Another spiralling slice of pop perfection arrives in the shape of Nothing Like You. Even with the clumsy lyrics: “She was not the cure for cancer. And all my questions asked for answers” followed by the wonderful: “There is nothing like someone new. This girl she was nothing like you”, this is pure excellence from start to finish. Skipping quickly past the interlude Man / Bag of Sand which would have worked much better as an extension of Swim Until You Can’t See Land, FootShooter is another open-hearted piano-driven anthem with Hutchison’s stream-of-consciousness style of poetic delivery interspersed with more glorious vocal backing. A great chorus lifts an otherwise flat arrangement. A song of subtle understated majesty.

More proficient lyricism and backing vocals can be found within Not Miserable, slow and deliberate in the first half, repeated yet more urgent in the second, this builds elegantly into a frenzy of drums and strings. The third of the most obvious radio-friendly songs, thanks to another simple chorus, Living In Colour suffers slightly from the relentless pounding drums and threatening repetition. Even through his often awkward mumbling voice, Hutchison can fill songs with depth and emotion: “And as the night started swallowing. You put the blood to my blue lips. Forced the life through still veins. Filled my heart with red again”. And strings fill the final thirty seconds. Closing with Yes, I Would, The Winter Of Mixed Drinks draws out a falsetto from Hutchison; both a pleasant surprise and baffling turn-around in equal measure. Only Frightened Rabbit can get away with this outpouring of emotion coupled with trite handclaps that would have Coldplay running for the hills.

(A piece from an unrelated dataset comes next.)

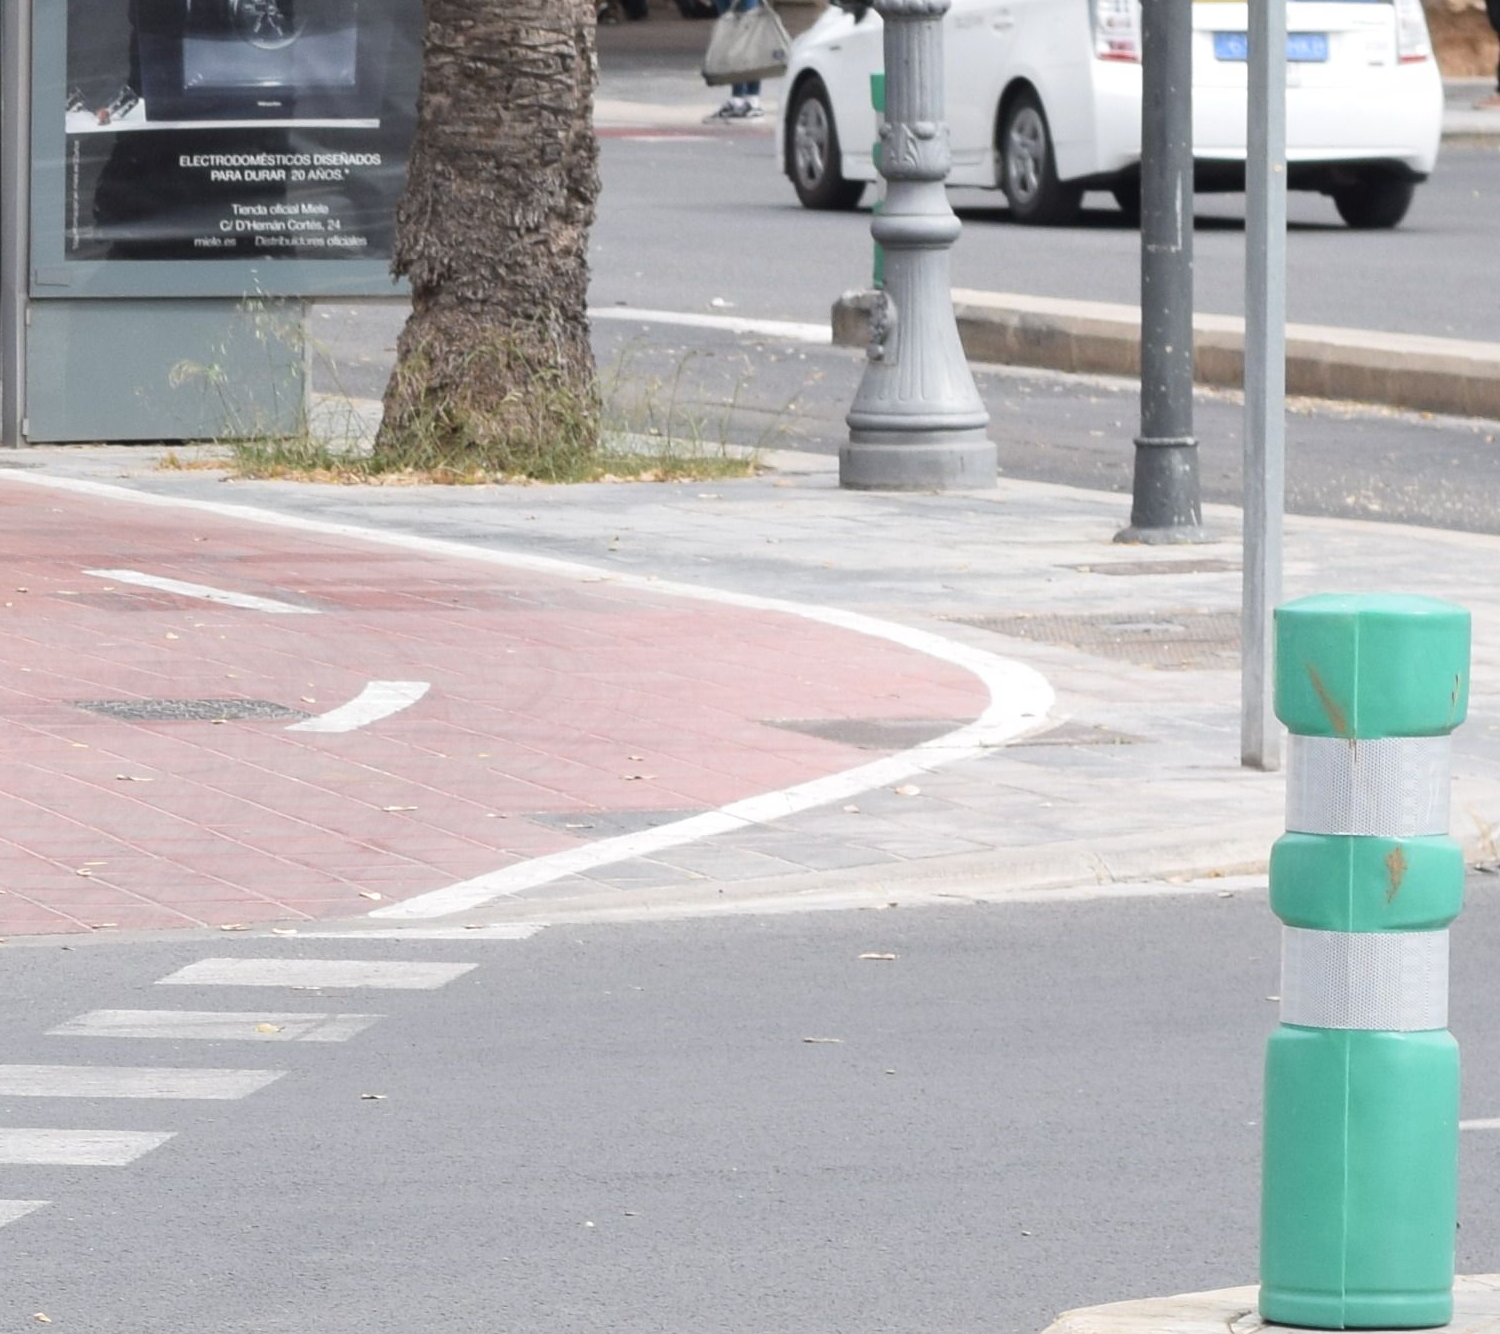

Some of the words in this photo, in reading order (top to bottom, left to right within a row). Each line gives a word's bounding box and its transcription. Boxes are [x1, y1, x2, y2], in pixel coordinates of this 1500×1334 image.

Frightened Rabbit is obviously building on earlier cult success and The Winter Of Mixed Drinks certainly makes no pretence about the band’s intentions and the five-piece consistently make good use of a strong formula. It often gets too comfortable and hard layers of sound often protect the softness beneath, but within this are real moments of quality. There is no doubt that Frightened Rabbit is formed from talented musicians (especially the shabby charm of Hutchison), the album is well-crafted and, in spite of a tendency to throw everything into the mix, the music is controlled and polished. This is an assured and definitive step up for a band who are now well up amongst their peers.